Uma variante consiste no
padrão de duelo com a serpente ou o dragão. Chegamos assim à lenda de S.
George, característica do mundo mediterrânico antigo e espalhada pelo centro da
Europa. Vão sendo introduzidas inovações culturais. Uma donzela é sacrificada
cada ano à serpente devoradora, que é morta pelo herói que não chega a ser
engolido.
Relacionado com os
anteriores, existe um terceiro padrão, o do encantamento. Em tempos históricos talvez mais recentes, nasce a figura da mulher serpente, associada a oráculos ligados
a locais sagrados a que as pessoas acorrem para fazer perguntas e oferecer
presentes.
A Península Ibérica era
conhecida na Antiguidade como Ofiusa (terra de serpentes). Tanto em Espanha
como em Portugal existe um número considerável de lendas que envolvem
serpentes, dragões e rainhas ou mouras encantadas. Habitam a vizinhança de
fontes ou cavernas e são geralmente associadas à água, pois a água, que seria o
ambiente da serpente, remete para o sangue da Grande Deusa ancestral. Na
Península, a serpente é apresentada como um ser benfazejo, que muitas vezes
oferece prendas preciosas.
Voltemo-nos agora para a
África subsaariana. Tive ensejo de publicar, no ano de 2003, uma seleção de
contos tradicionais angolanos. Os monstros ou ogres engolidores são personagens
importantes em sete das 40 histórias curtas então escolhidas.
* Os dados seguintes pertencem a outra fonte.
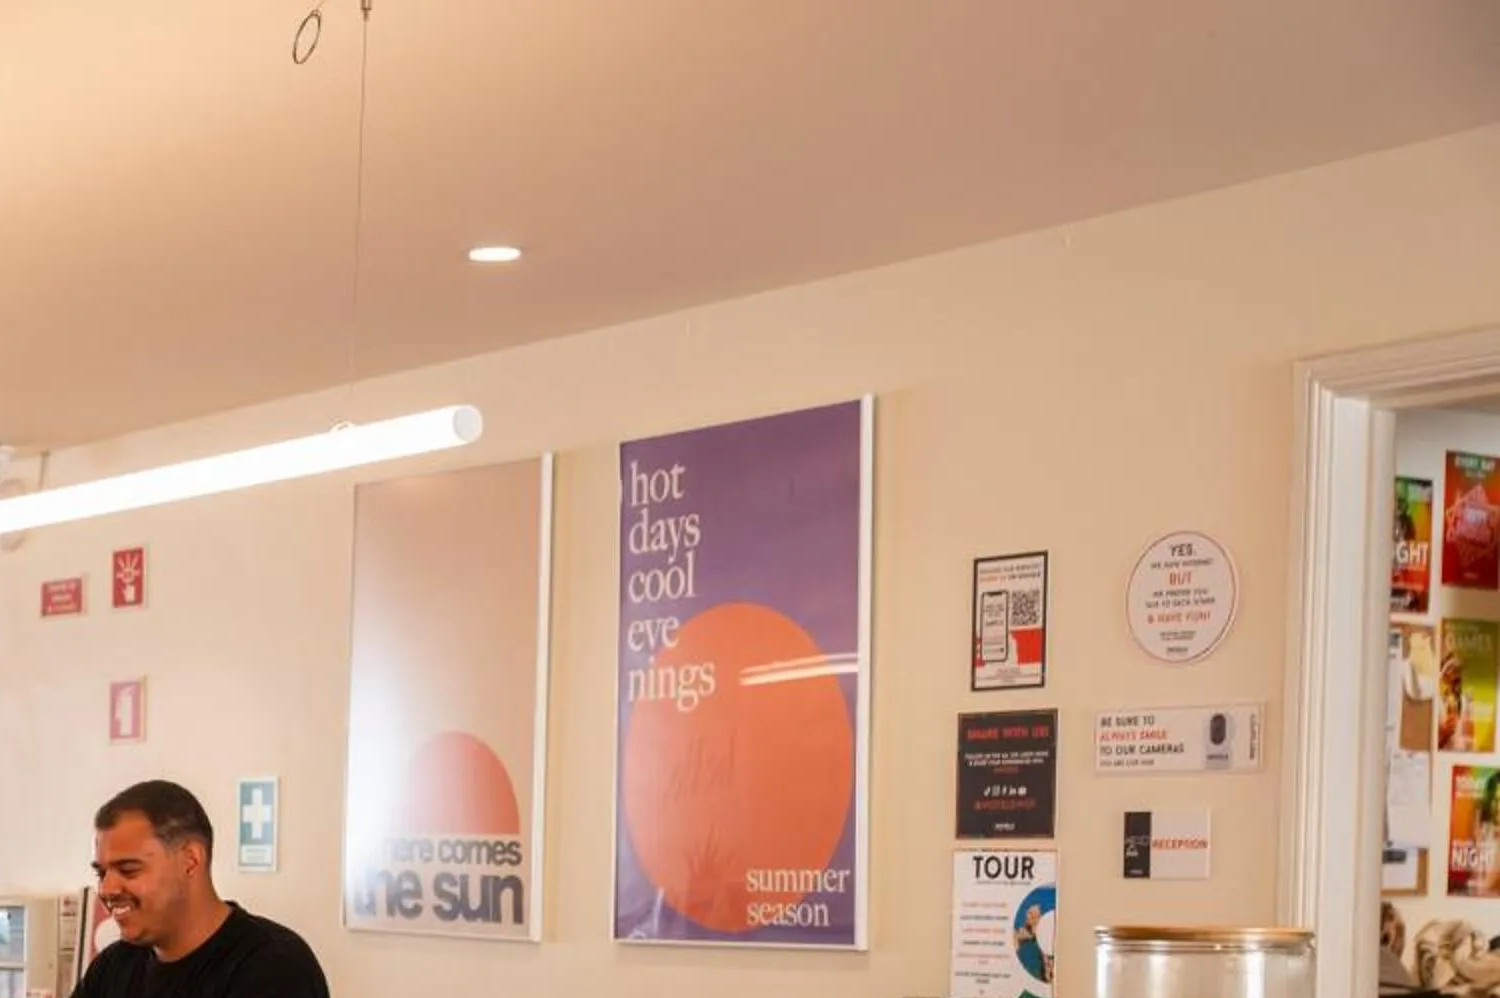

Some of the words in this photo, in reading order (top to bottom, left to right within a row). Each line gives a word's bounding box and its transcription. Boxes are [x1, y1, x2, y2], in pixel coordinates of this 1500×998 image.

[631, 461, 686, 507] hot
[629, 507, 700, 564] days
[1395, 541, 1429, 566] GHT
[628, 551, 697, 604] cool
[628, 616, 680, 652] eve
[628, 655, 716, 713] nings
[438, 839, 523, 866] comes
[973, 855, 1035, 880] TOUR
[433, 871, 525, 925] sun
[745, 868, 851, 893] summer
[746, 902, 830, 927] season
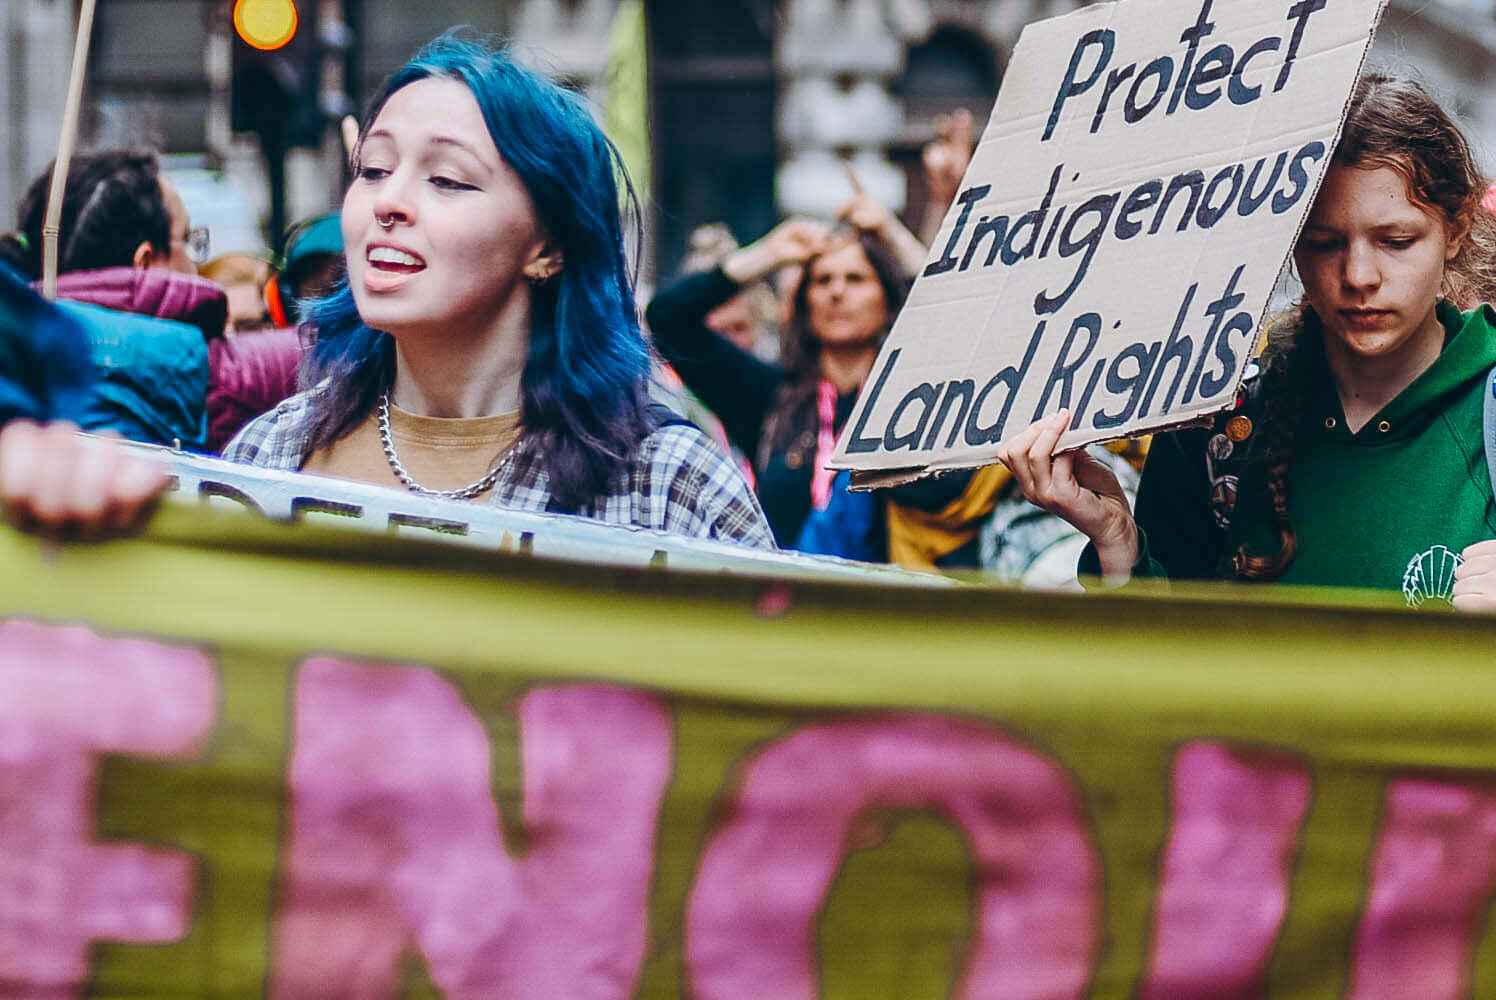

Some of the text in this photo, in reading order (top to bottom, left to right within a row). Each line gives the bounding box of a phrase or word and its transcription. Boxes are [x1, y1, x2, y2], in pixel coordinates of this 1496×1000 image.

[923, 141, 1325, 315] Indigenous
[845, 263, 1253, 454] Land Rights
Em Angola, a influência da
cultura mediterrânica ancestral é provavelmente inexistente. Foi desenvolvido
de forma autónoma um conjunto de lendas que referem monstros engolidores, encarados como inimigos.
Em “O monstro e os dois
rapazes caçadores” (recolha de Carlos Estermann) depois de aberta a barriga do
monstro saíram a salvo todas as pessoas devoradas, assim como os bois, os
cabritos e as galinhas. A forma física do ogre não é descrita.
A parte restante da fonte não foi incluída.